Au départ, une vengeance personnelle d’un universitaire condamné à quatre mois de prison avec sursis pour harcèlement

Par Willy Fautré, directeur de Human Rights Without Frontiers

Cet article a d’abord été publié en anglais par The European Times le 16 septembre 2024: https://europeantimes.news/fr/2024/09/france-yoga-disproportionate-raids-abuses-settlement-scores/

Le 28 novembre 2023, peu après 6 heures du matin, une équipe d’intervention des forces de police d’environ 175 agents portant des masques noirs, des casques et des gilets pare-balles, a fait irruption simultanément dans huit maisons et appartements distincts à Paris et en région parisienne, ainsi qu’à Nice. Ils brandissaient des fusils semi-automatiques, criaient, faisaient un énorme vacarme, enfonçaient les portes et mettaient tout sens dessus dessous.

À titre de comparaison, à la fin du mois d’août 2024, le parquet antiterroriste français a engagé environ 200 policiers à la poursuite d’un suspect qui avait tenté d’incendier une synagogue dans la ville de la Grande-Motte, dans le sud de la France, provoquant une explosion, blessant un policier et détruisant plusieurs voitures à proximité.

Les raids de novembre 2023 n’étaient pas une opération contre un groupe terroriste ou armé ou bien un cartel de la drogue.
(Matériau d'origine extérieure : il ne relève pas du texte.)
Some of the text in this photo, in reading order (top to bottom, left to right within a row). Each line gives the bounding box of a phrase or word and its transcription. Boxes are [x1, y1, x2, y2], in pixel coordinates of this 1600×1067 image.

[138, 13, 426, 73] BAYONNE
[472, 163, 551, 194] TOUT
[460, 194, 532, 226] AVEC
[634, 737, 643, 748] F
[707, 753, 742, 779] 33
Il s’agissait d’un raid visant huit résidences privées principalement utilisées par de paisibles pratiquants de yoga roumains.

La plupart d’entre eux avaient choisi de joindre l’utile à l’agréable en France : pratiquer le yoga et la méditation dans des villas ou des appartements mis gracieusement à leur disposition par leurs propriétaires ou locataires amis, principalement des pratiquants de yoga d’origine roumaine, et profiter en même temps d’environnements pittoresques, naturels ou autres.

Le premier objectif de l’opération était d’arrêter des personnes impliquées dans la “traite des êtres humains”, la “séquestration” et l’”abus de faiblesse” en bande organisée. Le second objectif était de sauver les victimes de ces activités illégales, mais il n’y avait pas de victimes.

Une cinquantaine d’entre eux se trouvaient par hasard au mauvais endroit au mauvais moment et n’avaient rien à voir avec le mandat de perquisition justifiant l’opération.  En tout état de cause, elles ont été victimes de l’intervention de la police puisqu’elles ont été maintenues en garde à vue dans des conditions inhumaines et humiliantes pendant deux jours et deux nuits, voire plus dans certains cas, pour des interrogatoires. Human Rights Without Frontiers a interrogé une vingtaine de victimes des descentes de police et des abus, en particulier à Villiers-sur-MarneButhiers et Vitry-sur-Seine. Aucune d’entre elles et d’autres n’a été interviewée par les médias français.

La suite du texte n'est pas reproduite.